Being in the presence of Maria Popoff is being in the presence of Canadian Stage Management royalty. When Maria walks into a room with her red-rimmed glasses, short curly grey hair, and warm smile, she exudes an energy that makes you instantly want to be her friend. With nearly thirty years of experience, Maria has orchestrated countless productions for stage and film. Her honesty, generosity, and charming sense of humour make her the perfect mentor for new stage managers.

Maria’s stage management debut was with the original cast and crew of Goodnight Desdemona (Good Morning Juliet) by Ann-Marie MacDonald. A play taught in almost every Canadian Theatre class, Goodnight Desdemona marks a pivotal turning point that changed Maria’s career path. Before entering the world of theatre, Maria worked tirelessly as a social worker. A self-proclaimed people-person, Maria’s key transferable skill was knowing how to successfully navigate relationships. After the success of the Goodnight Desdemona national tour, more gigs lines up, so Maria eventually decided to pursue stage management full time.

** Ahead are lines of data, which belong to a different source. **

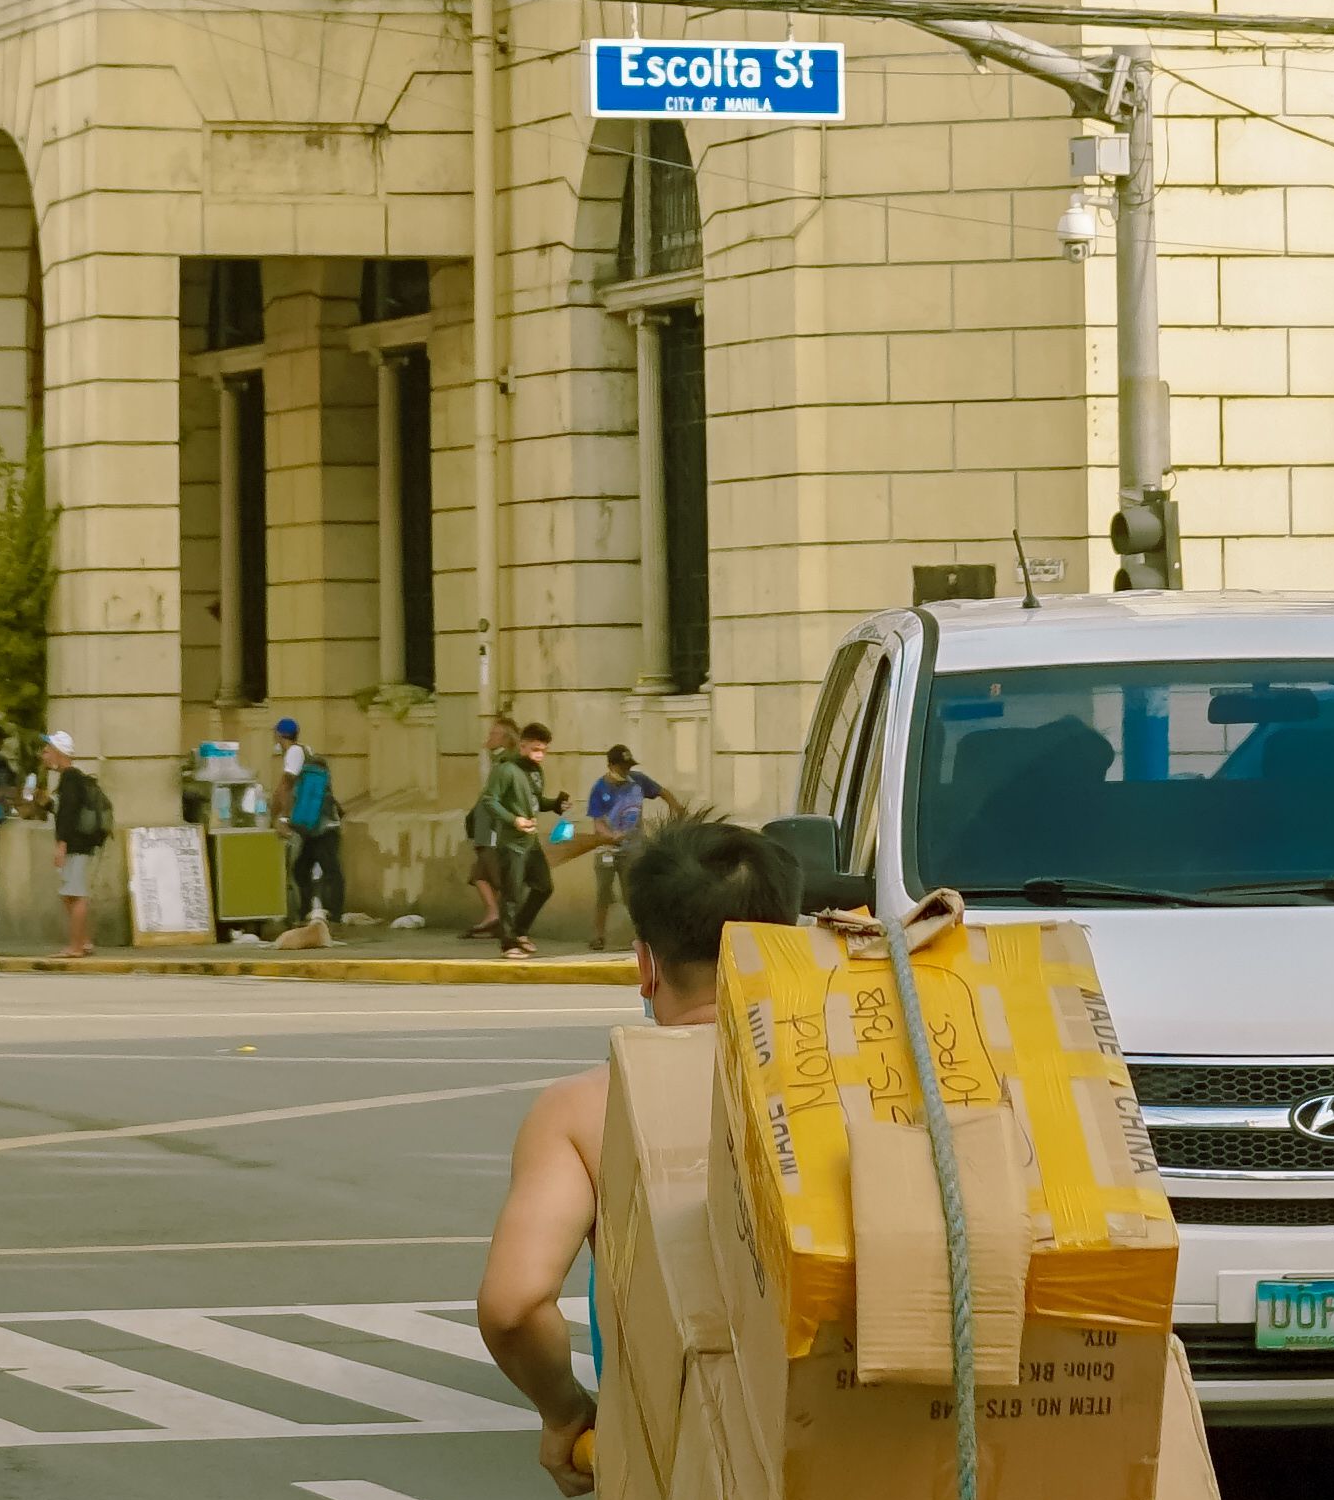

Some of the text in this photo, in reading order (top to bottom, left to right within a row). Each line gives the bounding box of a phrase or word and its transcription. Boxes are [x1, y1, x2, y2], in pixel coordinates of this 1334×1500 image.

[620, 46, 814, 89] Escolta St
[665, 96, 772, 112] CITY OF MANILA
[1079, 986, 1120, 1057] MADE
[1113, 1095, 1159, 1175] CHINA
[1068, 1396, 1112, 1416] ITEM
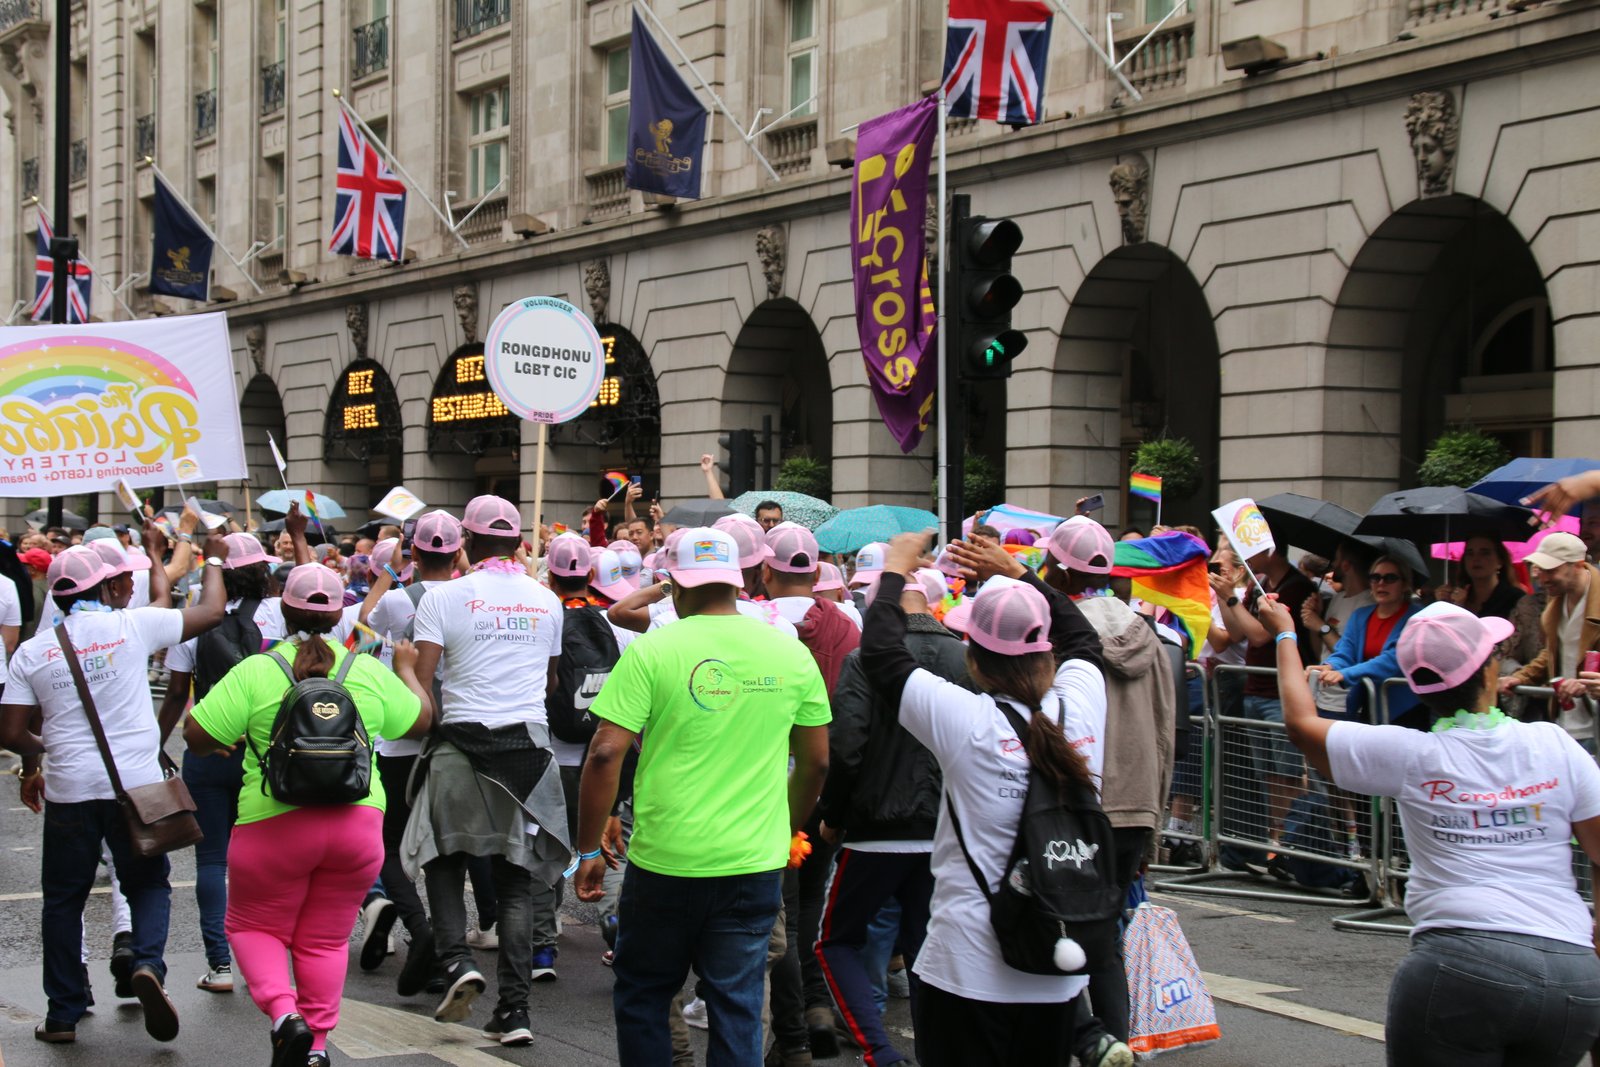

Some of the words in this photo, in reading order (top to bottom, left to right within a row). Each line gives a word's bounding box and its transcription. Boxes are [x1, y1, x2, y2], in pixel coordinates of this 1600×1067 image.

From spending just over an hour with the seasoned veteran at Alumnae Theatre’s Stage Management workshop, here are a few things I learned about what a Stage Manager is and should be:
  1. You should always be ahead of the game: Your work begins before the first day of rehearsals. You should read the play, twice. The first read-through is to understand the world of the play, and the second is to make note of all the technical needs of the show (lights, sound, media, set, props, costume, etc.). You should also make sure you are fully equipped for whatever might come up! Gear up with flashlights, water, fresh pencils, tissues, bandaids, and anything else you feel will make rehearsals run as smoothly as possible.
  2. You are the surrogate Director: You should be helping maintain the director’s vision. This begins with a conversation, to establish a relationship and go over expectations to ensure a successful outcome. In Maria’s words: “The best time to have a prenup is when you’re still in love.”
  3. You are a relationship-builder: Communication is key. You are responsible for navigating multiple lines of communication, an intricate web of artistic relationships. You must learn to walk the line between the needs of the director, the needs of the cast, and needs of the design team.
  4. You are a barometer and time-keeper: Learn to read the room and ask the right questions. Once the show opens, you are responsible for orchestrating all the technical aspects of the show to ensure the integrity of the director’s vision. Much like a conductor for a piece of music, you have full control, calling the entrances and exits of every single cue. But if you miss one, don’t get hung up. Move on, and ready yourself for the next one.
If you ask Maria, the single most important thing a stage manager should do is:
  • Watch and Listen: The power of observation is what will make you one of the most invaluable members of the team, so take lots of notes. If there’s a question about the show, you should know the answer. 
If you’re wondering if you should take a stage management workshop with Maria, the answer is yes. If you have a question about stage management, the answer is Maria. There are so many things you will learn from her. All you have to do is watch and listen.